Zsh Mailing List Archive
Messages sorted by:
Reverse Date,
Date,
Thread,
Author
Re: [PATCH] Abbreviate commit hash in prompt during git rebase
- X-seq: zsh-workers 50073
- From: Daniel Shahaf <d.s@xxxxxxxxxxxxxxxxxx>
- To: Sam Bostock <sam.bostock@xxxxxxxxxxx>
- Cc: Lawrence Velázquez <larryv@xxxxxxx>, zsh-workers@xxxxxxx
- Subject: Re: [PATCH] Abbreviate commit hash in prompt during git rebase
- Date: Sun, 17 Apr 2022 17:52:28 +0000
- Archived-at: <https://zsh.org/workers/50073>
- In-reply-to: <CAHwnEohmcE7Wg6ZBdKmUgU-e7zryRgUXXWPJFRdxU9_nbZ=DpA@mail.gmail.com>
- List-id: <zsh-workers.zsh.org>
- References: <CAHwnEojkSP1hrNvBciwMaaPXre9r-Fs2W2F1dFnnMXuUR4aeaw@mail.gmail.com> <58222599-b634-401b-b70f-3e5fd5633839@www.fastmail.com> <CAHwnEohmcE7Wg6ZBdKmUgU-e7zryRgUXXWPJFRdxU9_nbZ=DpA@mail.gmail.com>
Sam Bostock wrote on Wed, Apr 13, 2022 at 13:53:40 -0600:
> Hi Lawrence,
>
> Thanks for the reply!
>
Have you seen my previous reply to you, <https://zsh.org/workers/50057>?
(For obvious reasons I'll re-send this question to you in a minute from
another address of mine. Apologies in advance for the duplicate.)
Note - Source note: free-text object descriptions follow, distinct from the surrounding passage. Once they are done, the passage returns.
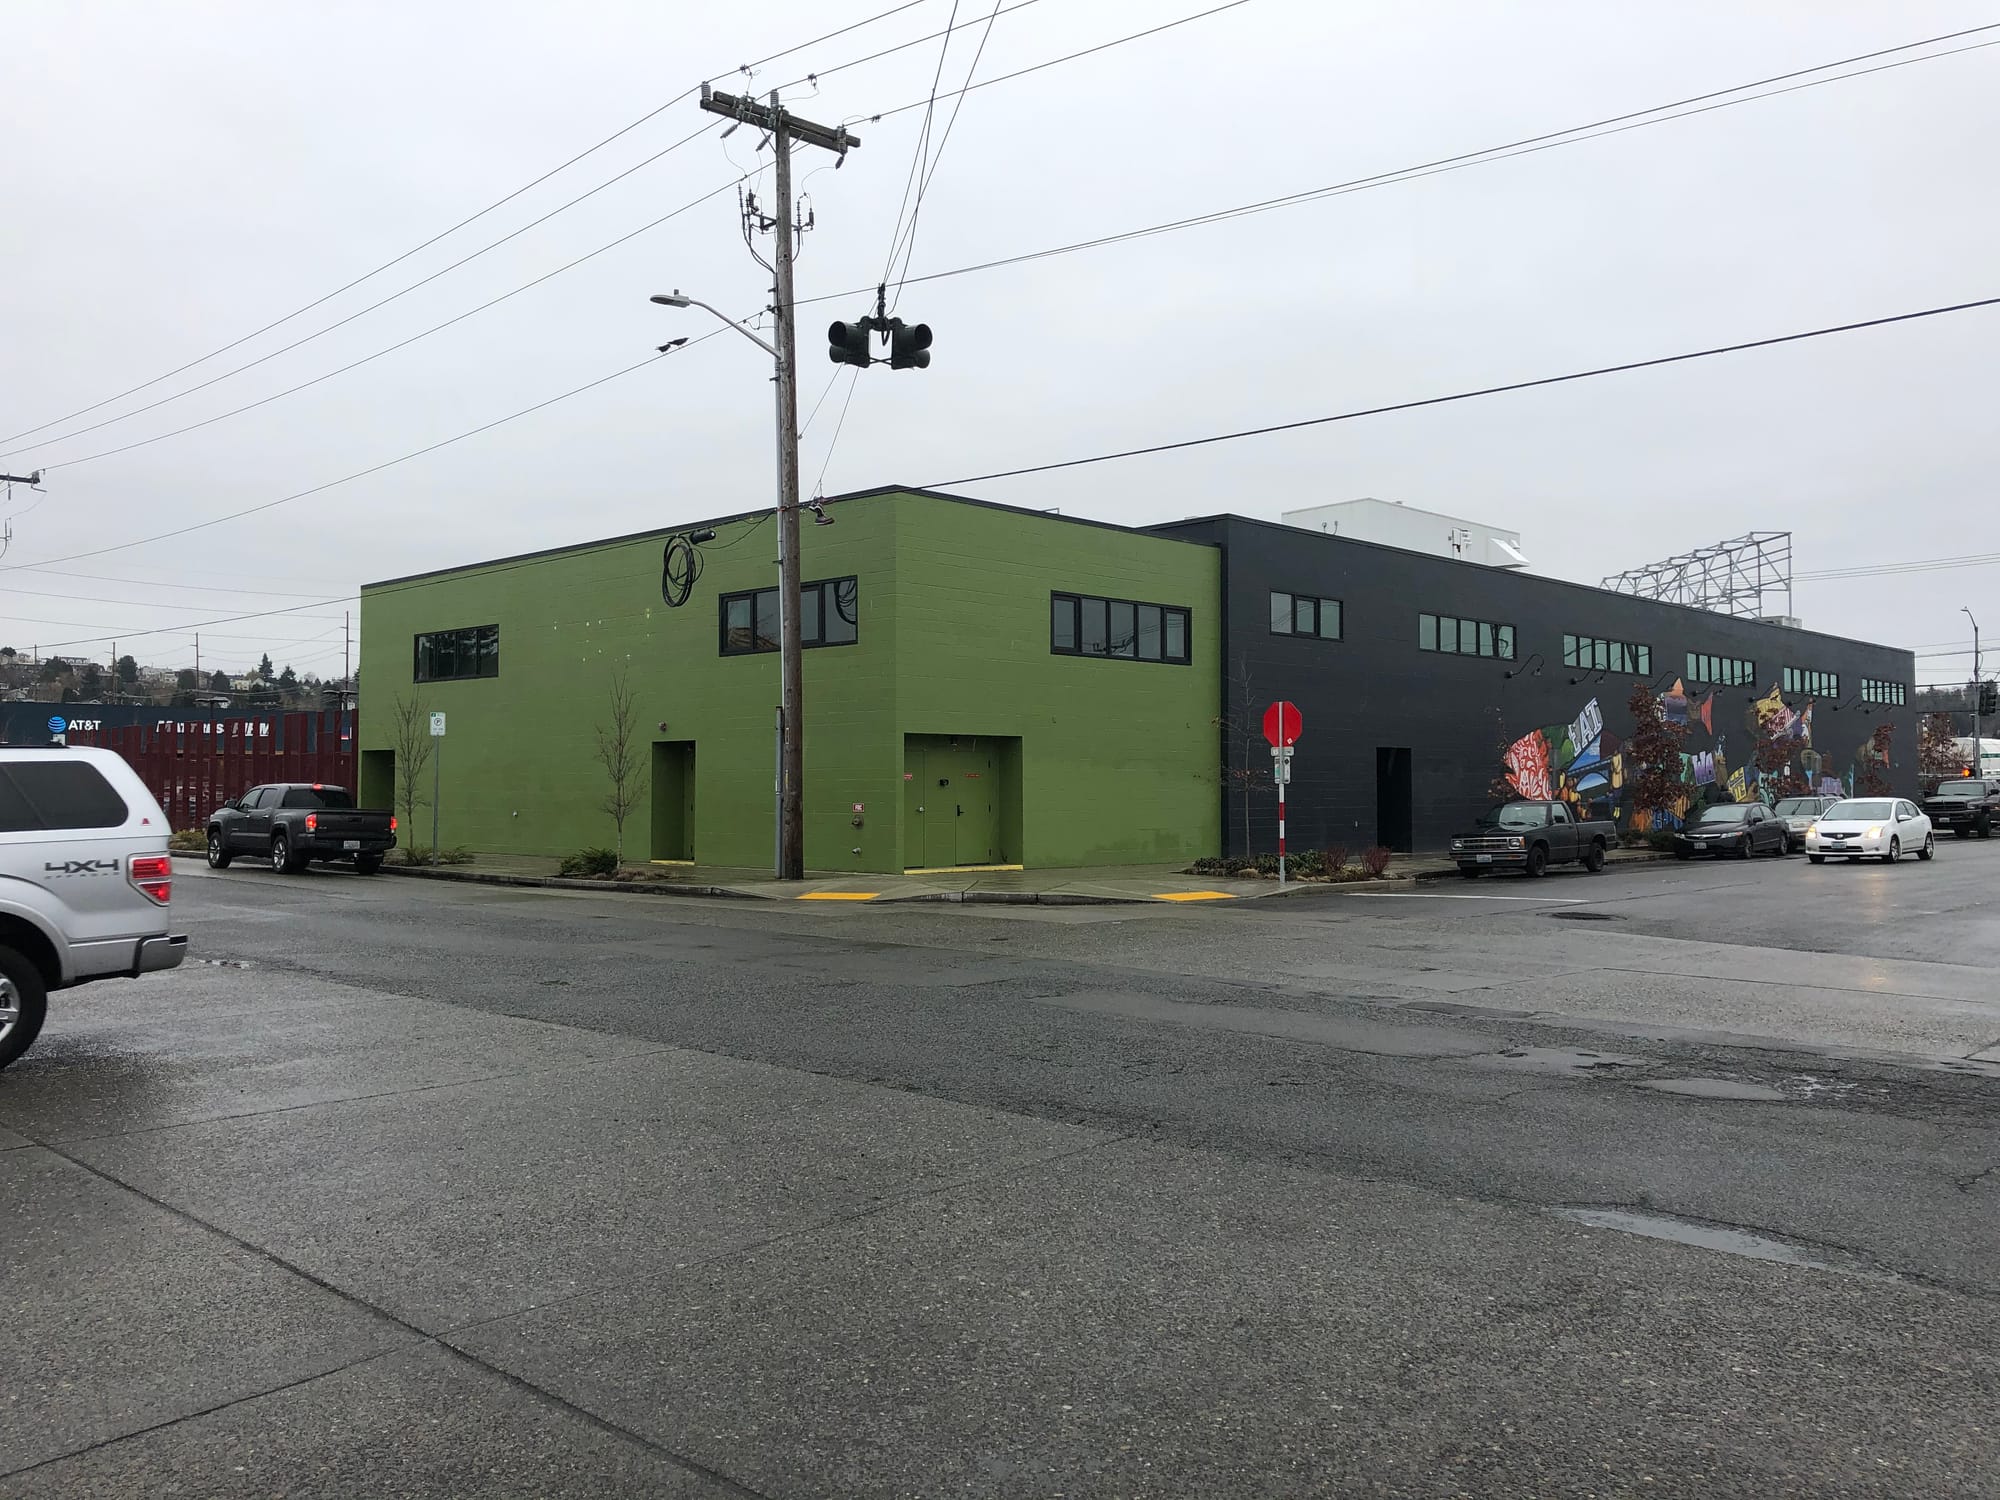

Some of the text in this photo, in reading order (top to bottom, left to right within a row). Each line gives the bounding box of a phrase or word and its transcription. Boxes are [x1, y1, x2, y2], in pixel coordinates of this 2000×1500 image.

[68, 719, 102, 731] AT&T
[1568, 696, 1604, 757] EAT
[45, 858, 120, 874] 4X4
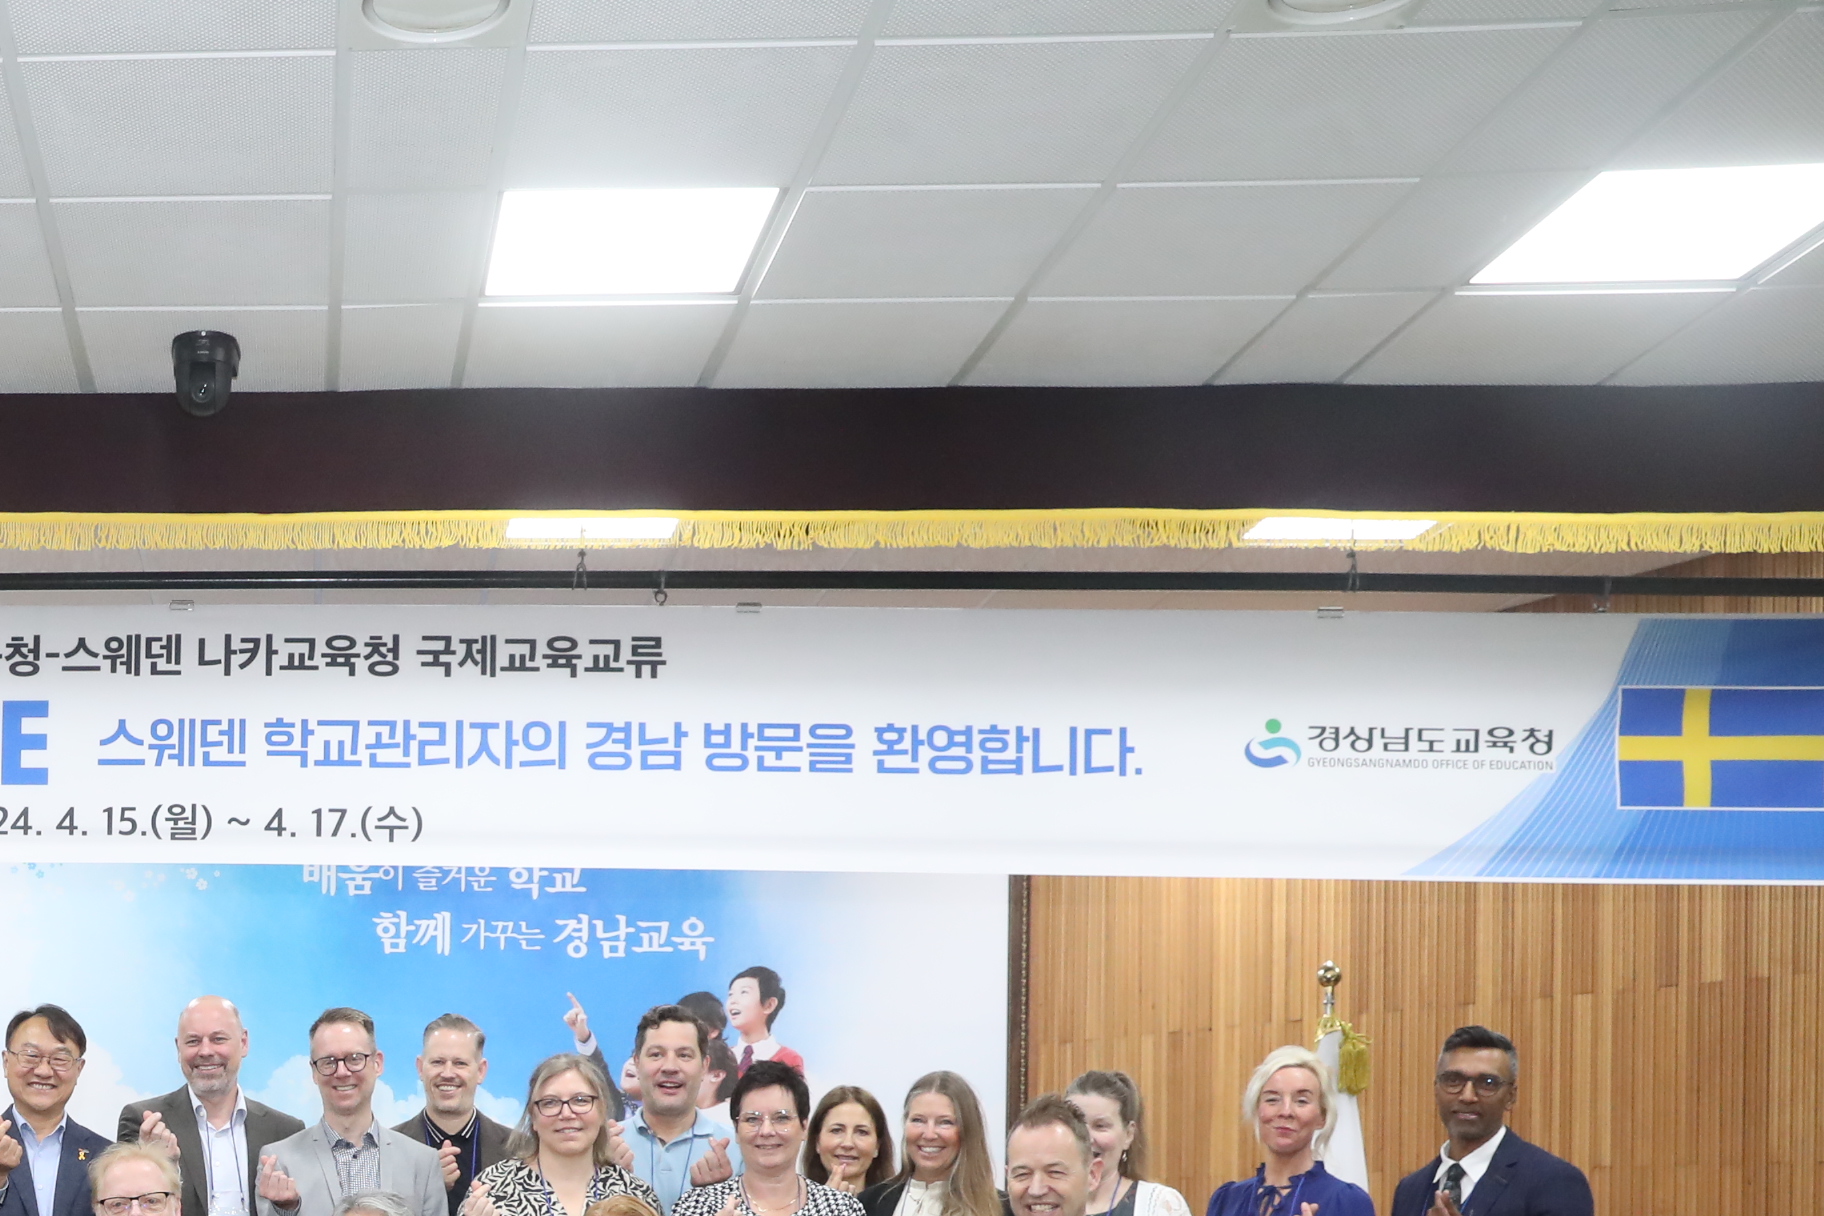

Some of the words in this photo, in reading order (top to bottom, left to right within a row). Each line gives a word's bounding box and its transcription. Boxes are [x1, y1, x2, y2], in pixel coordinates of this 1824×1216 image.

[197, 633, 401, 677] 나카교육청
[415, 634, 667, 679] 국제교육교류
[97, 717, 248, 768] 스웨덴
[263, 717, 568, 771] 학교관리자의
[585, 720, 689, 772] 경남
[703, 722, 857, 774] 방문을
[873, 722, 1144, 778] 환영합니다.
[1307, 725, 1555, 757] 경상남도교육청
[1307, 757, 1429, 770] GYEONGSANGNAMDO
[1431, 759, 1470, 770] OFFICE
[1473, 759, 1488, 771] OF
[1488, 759, 1554, 772] EDUCATION
[56, 806, 88, 838] 4.
[102, 803, 213, 841] 15.(월)
[264, 806, 297, 839] 4.
[310, 805, 424, 843] 17.(수)
[371, 909, 452, 957] 함께
[460, 918, 546, 951] 가꾸는
[552, 912, 716, 962] 경남교육
> Git's abbreviation mechanism ensures uniqueness, rather than strictly
> truncating. If I'm not mistaken, the core.abbrev setting is effectively
> just a minimum for how many characters to include, with git including as
> many additional characters as required to avoid colliding with another
> object in the repository. I believe the default is determined using a
> heuristic based on the number objects in the repository.
>
> So we could make it a setting and do truncation ourselves, but then we'd be
> displaying a value without uniqueness guarantees.
>
The operative word here is "guarantee". If we truncate to, say, 12 hex
digits, that's 48 bits (= 12 nibbles), so a repository would need to
have 2**24 commits (≈ 16M) in order to have a ≈50% chance of having two
commits with the same first 12 nibbles. (That's _commits_, not
_objects_, since IIRC «d41d8cd^{commit}» v. «d41d8cd^{blob}» is a valid
way to disambiguate.) Only the largest/oldest projects would have
history DAGs this large.¹
And if we truncate "too soon" and the resulting hash is ambiguous, then
what? Would that be a problem?
- It wouldn't break the use-case of looking at the prompt after «git
commit» or «git rebase --continue» to confirm the command worked.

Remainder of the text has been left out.